- **EXERCISE INSTRUCTIONS**
Apart from the pictures, every entry must be retyped exactly.

- **Collection entries**
* * *
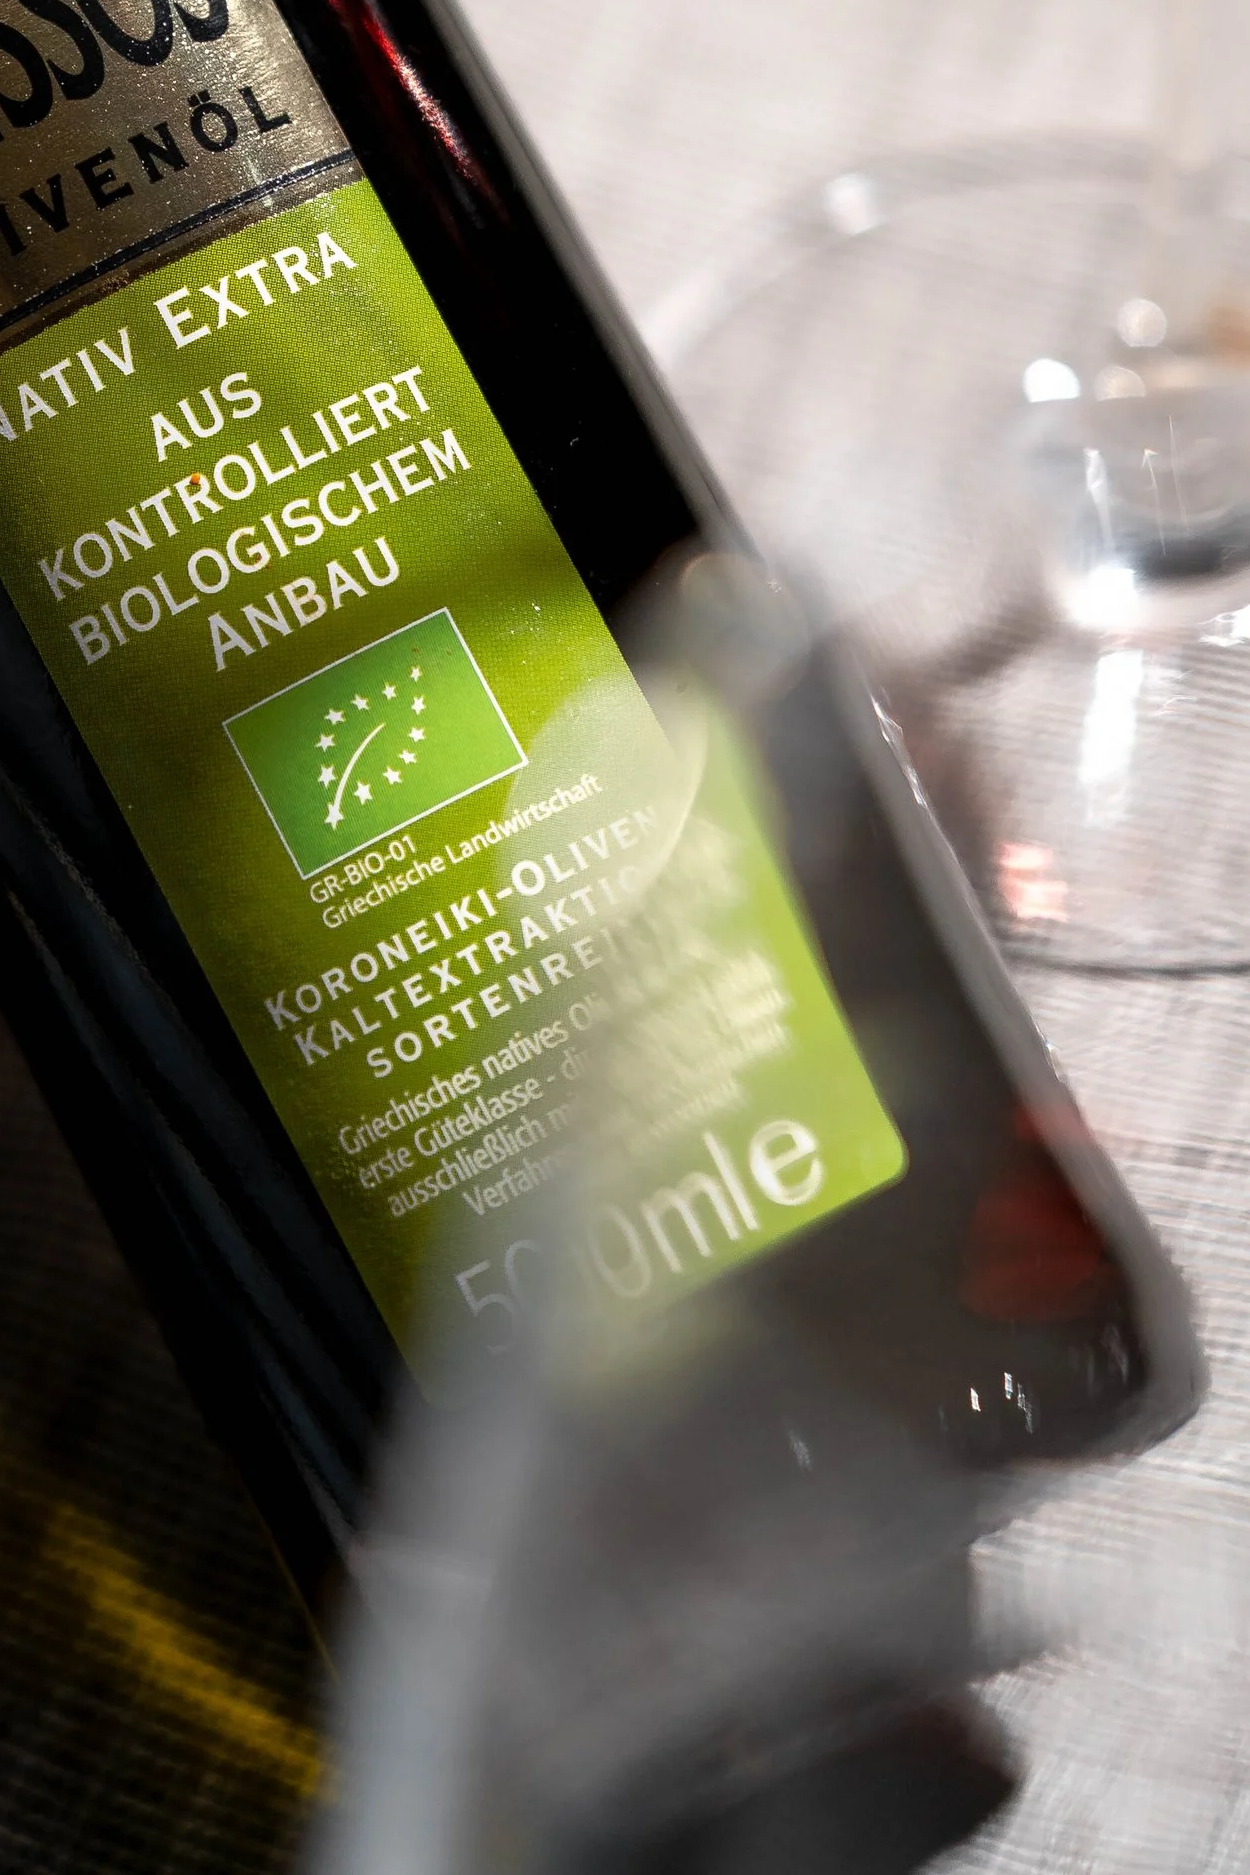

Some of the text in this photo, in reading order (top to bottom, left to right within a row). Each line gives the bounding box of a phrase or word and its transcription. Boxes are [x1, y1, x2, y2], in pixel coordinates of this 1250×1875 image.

[153, 231, 358, 349] EXTRA
[37, 365, 433, 602] KONTROLLIERT
[150, 371, 263, 462] AUS
[69, 428, 472, 665] BIOLOGISCHEM
[206, 536, 401, 671] ANBAU
[309, 835, 416, 905] GR-BIO-01
[321, 772, 604, 930] Griechische Landwirtschaft
[293, 855, 656, 1067] KALTEXTRAKTIO
[365, 921, 635, 1079] SORTENREI
[338, 1065, 482, 1156] Griechisches
[481, 1021, 571, 1085] natives
[358, 1141, 414, 1189] erste
[413, 1073, 544, 1157] Güteklasse
[387, 1111, 548, 1220] ausschließlich
* * *
- **ANSWER FOR THE TASK**
Some of the text in this photo, in reading order (top to bottom, left to right within a row). Each line gives the bounding box of a phrase or word and its transcription. Boxes are [x1, y1, x2, y2], in pixel coordinates of this 1250×1875 image.

[153, 231, 358, 349] EXTRA
[37, 365, 433, 602] KONTROLLIERT
[150, 371, 263, 462] AUS
[69, 428, 472, 665] BIOLOGISCHEM
[206, 536, 401, 671] ANBAU
[309, 835, 416, 905] GR-BIO-01
[321, 772, 604, 930] Griechische Landwirtschaft
[293, 855, 656, 1067] KALTEXTRAKTIO
[365, 921, 635, 1079] SORTENREI
[338, 1065, 482, 1156] Griechisches
[481, 1021, 571, 1085] natives
[358, 1141, 414, 1189] erste
[413, 1073, 544, 1157] Güteklasse
[387, 1111, 548, 1220] ausschließlich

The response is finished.